HENRY MOORE1 AND THE SITING OF PUBLIC SCULPTURE
Several sculptures were approaching completion when I visited Henry Moore on a build, damp day in 1953. The studios could not contain them all, and some large figures in Portland stone and plaster were out in the open. Their pallor caused the light to glitter in a way which usually precedes a storm, and they gave off a silence so dense that the noise of carpenters making a wooden template in the yard seemed to come from across the fields. The scene was in harmony with Moore’s views on the placing of sculpture, for in 1951 he wrote: ‘Sculpture is an art of the open air. Daylight, sunlight is necessary to it, and for me its best setting and complement is nature. I would rather have a piece of my sculpture put in a landscape, almost any landscape, than in, or on, the most beautiful building I know.’
Stone sculpture was probably uppermost in his mind when he made this statement, and anyone who has seen the heads and shoulders of his Battersea Park group, honey coloured and rotund, thrusting into the blue of a summer sky, is bound to go part of the way with him. But the spectacle of stone in sunlight is too intermittent ever to become a ruling factor in our environment. Moore himself now works much more frequently in bronze than in stone, and bronze does not share stone’s capacity for basking in the sun. Indeed, the lean figure in green bronze which was exhibited at Battersea Park in 1951 only came into its own on bad days. In fine weather it was a ‘difficult’ structure whose acid green colouring, which had not then been modified by exposure, gave it a stridently avant garde appearance. But with an admirable premonition of its needs, the Panel responsible for the arrangement of the exhibition had placed it heron-like on the grass verge of the pool, and on the days when it rained and a mist crept over the surface of the pool a queer uneasy life mounted through its knotty forms, and, wavering between earth, air and water, it seemed to emblemize the pathos and predicament of life too restless ever to be in its element. If it could have stayed there as a permanent feature of the park it would have been profoundly complementary to the Three Standing Figures: when the one slept the other would have been awake, for the stone from which the Three Standing Figures is carved, so lively and beautiful in sunlight, goes the colour of khaki in wet weather.

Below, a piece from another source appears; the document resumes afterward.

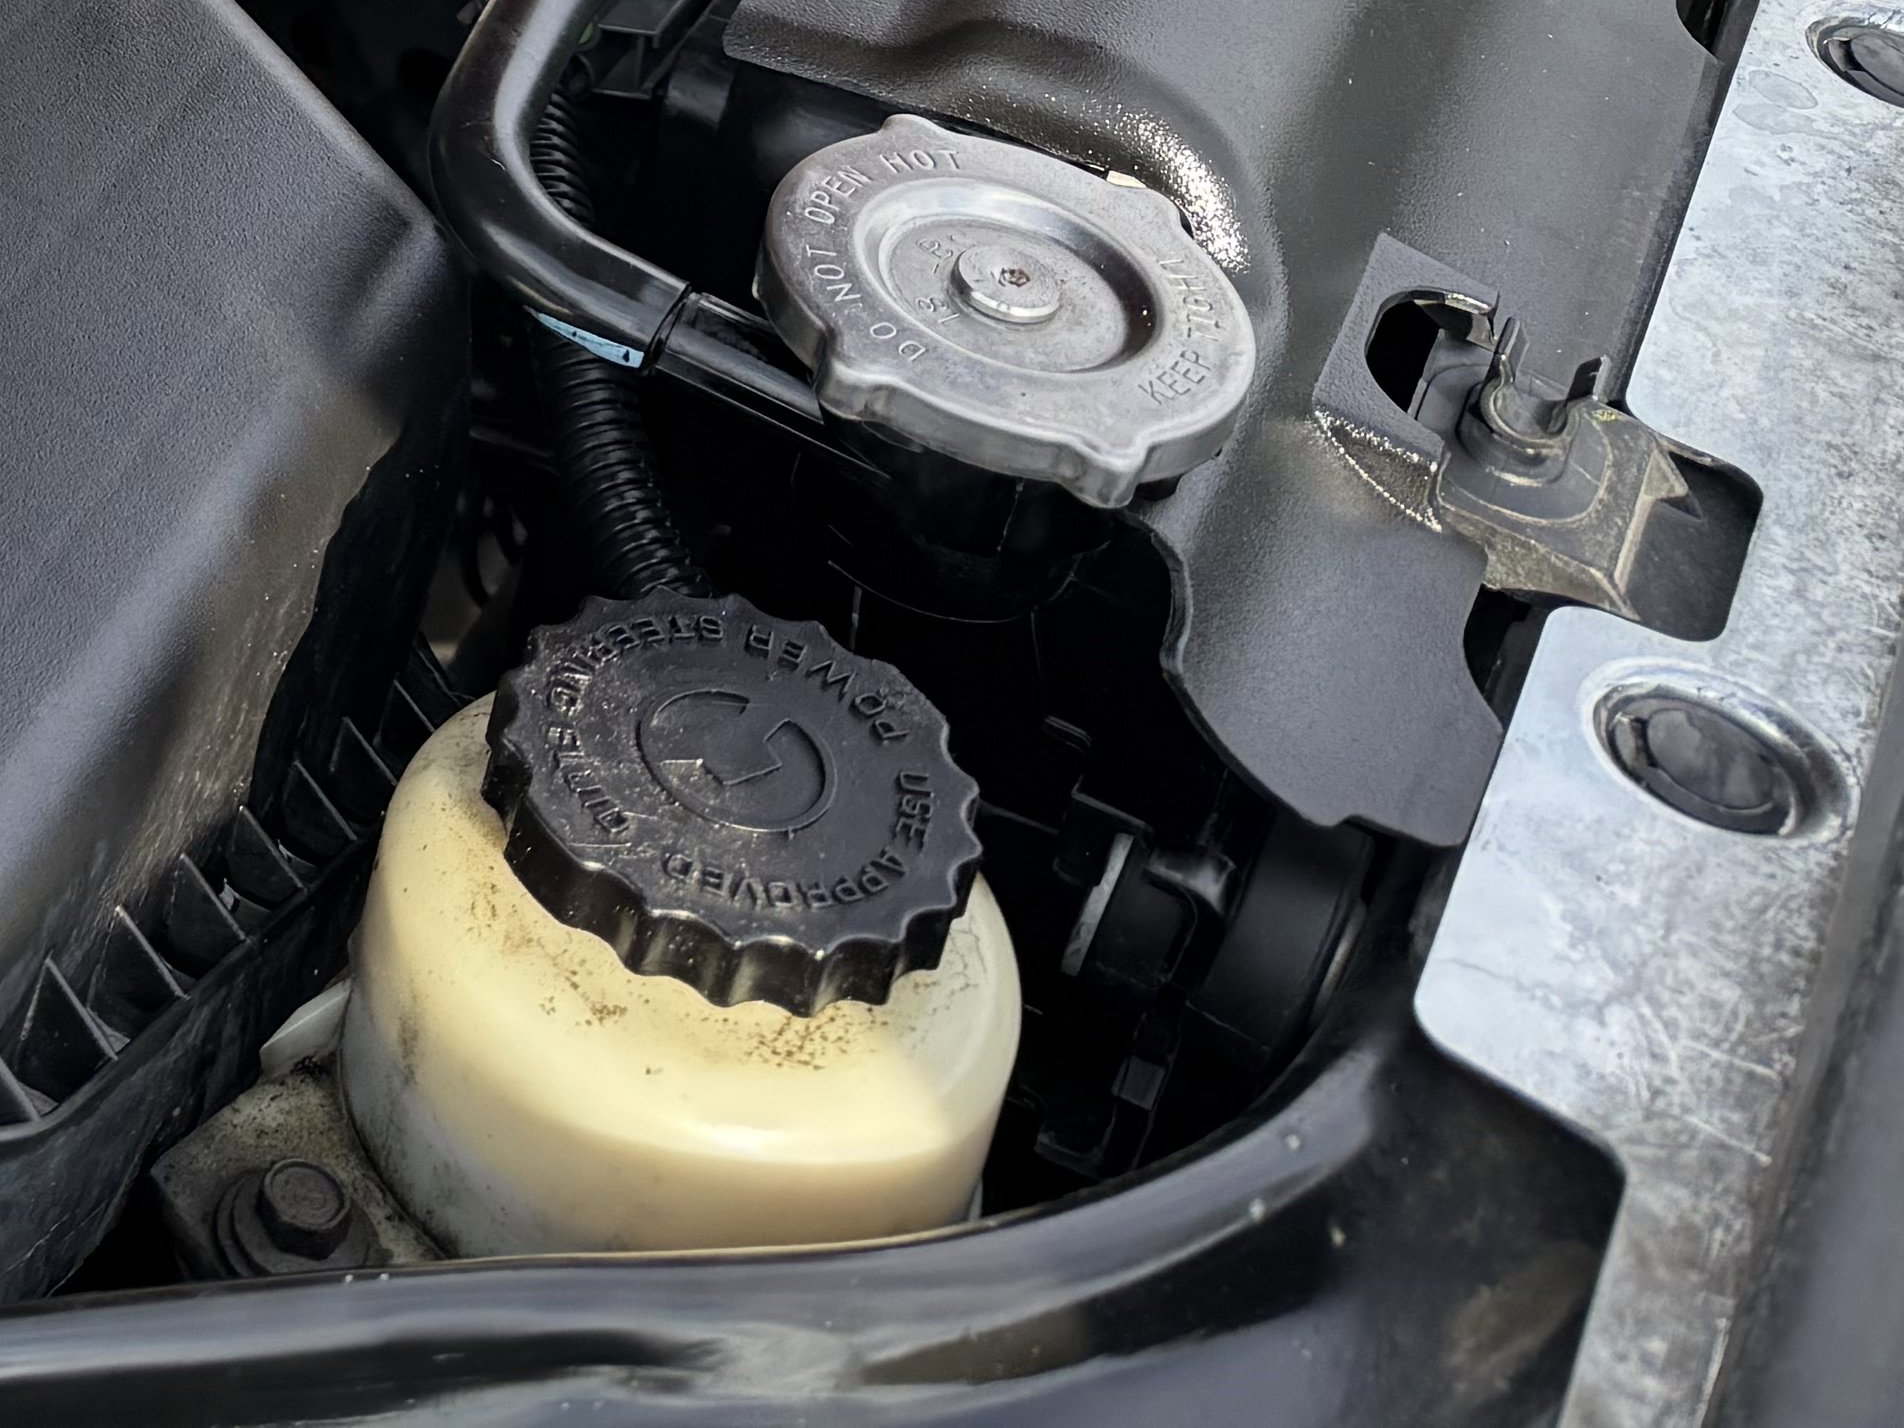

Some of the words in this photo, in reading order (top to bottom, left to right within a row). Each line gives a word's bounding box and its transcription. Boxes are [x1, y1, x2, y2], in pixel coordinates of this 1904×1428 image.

Sculpture in the open air will not make Britain look like a Mediterranean land, but as Professor Pevsner has said, it provides ‘a set of sculptural quality’ even if the work is not intended for the outdoors. When Manzù’s young ballet dancer seated on a bronze replica of a rush-bottomed chair was exhibited at Battersea she seemed likely to catch her death of cold since she was sitting in a puddle of water most of the time, but she passed the rest of unrestricted light without difficulty. This is an obvious example of indoor sculpture, but there are sculptures which one would have thought were perfectly suited to a park setting which in one way or another are belittled by an exposed position, although their sculptural quality is not in doubt. The naturalism of Rodin’s St. John the Baptist, for instance, needs the unnatural setting of an indoor museum if the mind’s eye is to see him striding naked through the world; in the open air museum he is reduced to striding about a park, and his hurry seems excessive and turns him into a distant relative of the White Rabbit. One would certainly expect Marini’s horses and riders to look at home in the open, yet they have only to be slightly under life size to look a bit lost on a stretch of lawn; they need a sharply defined space – a courtyard or a small campo – before they look their best. This doesn’t however tell us much about the problem of scale, because, although works which are very much smaller than life size tend to look trivial in the open, there are a few, such as Modigliani’s formalized heads, or Giacometti’s groups of walking figures, that are quite unaffected. Probably it is the content of a sculpture as distinct from its subject –the content being the unpredictable outcome of the formal treatment of the subject – which gives us our sense of the fitness or otherwise of a setting. This might well explain why Moore’s work is never incongruous in the open: his early doctrine of truth to material still conditions his forms, and the human subject emerges not only as effigy but as the ‘looking outwards’ of stone, wood and clay.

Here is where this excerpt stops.